# What to produce
Tally the lines in these records that hold the string "CHĂM", and reply with the number alone.

[Referring expression grounding data]
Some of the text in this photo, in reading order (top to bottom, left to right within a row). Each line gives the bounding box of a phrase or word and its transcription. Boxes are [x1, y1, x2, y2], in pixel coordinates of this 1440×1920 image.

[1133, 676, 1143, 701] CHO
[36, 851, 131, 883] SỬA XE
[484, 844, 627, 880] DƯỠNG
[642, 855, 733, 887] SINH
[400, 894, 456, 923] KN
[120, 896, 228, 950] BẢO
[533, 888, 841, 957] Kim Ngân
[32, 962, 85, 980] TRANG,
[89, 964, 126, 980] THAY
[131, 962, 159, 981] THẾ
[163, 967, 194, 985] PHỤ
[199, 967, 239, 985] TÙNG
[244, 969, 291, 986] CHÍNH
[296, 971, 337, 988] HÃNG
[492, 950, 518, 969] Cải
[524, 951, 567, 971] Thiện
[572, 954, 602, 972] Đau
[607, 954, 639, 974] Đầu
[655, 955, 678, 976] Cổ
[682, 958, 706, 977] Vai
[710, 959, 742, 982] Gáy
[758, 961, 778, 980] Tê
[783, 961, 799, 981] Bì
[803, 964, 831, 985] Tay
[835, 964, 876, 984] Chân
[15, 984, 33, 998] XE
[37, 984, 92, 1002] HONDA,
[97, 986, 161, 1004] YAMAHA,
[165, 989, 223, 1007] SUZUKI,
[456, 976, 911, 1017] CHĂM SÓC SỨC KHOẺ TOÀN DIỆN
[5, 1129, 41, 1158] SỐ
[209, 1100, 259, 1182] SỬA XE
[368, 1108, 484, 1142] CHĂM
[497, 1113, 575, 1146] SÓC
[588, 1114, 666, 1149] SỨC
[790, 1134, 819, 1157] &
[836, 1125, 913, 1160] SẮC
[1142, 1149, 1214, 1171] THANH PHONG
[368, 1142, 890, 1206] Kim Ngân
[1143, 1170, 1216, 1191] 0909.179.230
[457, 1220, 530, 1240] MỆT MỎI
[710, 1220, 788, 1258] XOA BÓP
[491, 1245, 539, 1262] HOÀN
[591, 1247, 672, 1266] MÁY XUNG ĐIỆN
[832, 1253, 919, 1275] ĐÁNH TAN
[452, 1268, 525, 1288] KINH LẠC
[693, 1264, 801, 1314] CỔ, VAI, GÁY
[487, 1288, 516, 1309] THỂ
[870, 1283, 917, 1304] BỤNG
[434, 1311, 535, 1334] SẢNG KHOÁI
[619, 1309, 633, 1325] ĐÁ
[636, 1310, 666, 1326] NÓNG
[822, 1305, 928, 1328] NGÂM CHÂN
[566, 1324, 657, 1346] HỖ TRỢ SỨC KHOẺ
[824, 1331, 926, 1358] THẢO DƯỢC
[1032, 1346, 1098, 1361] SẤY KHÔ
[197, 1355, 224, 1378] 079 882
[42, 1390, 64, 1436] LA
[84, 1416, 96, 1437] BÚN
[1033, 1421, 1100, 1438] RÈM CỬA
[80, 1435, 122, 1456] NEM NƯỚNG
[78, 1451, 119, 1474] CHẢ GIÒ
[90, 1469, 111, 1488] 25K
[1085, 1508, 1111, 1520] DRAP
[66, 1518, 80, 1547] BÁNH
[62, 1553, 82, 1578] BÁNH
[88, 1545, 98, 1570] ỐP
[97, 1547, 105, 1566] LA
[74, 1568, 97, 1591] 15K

# Task answer
2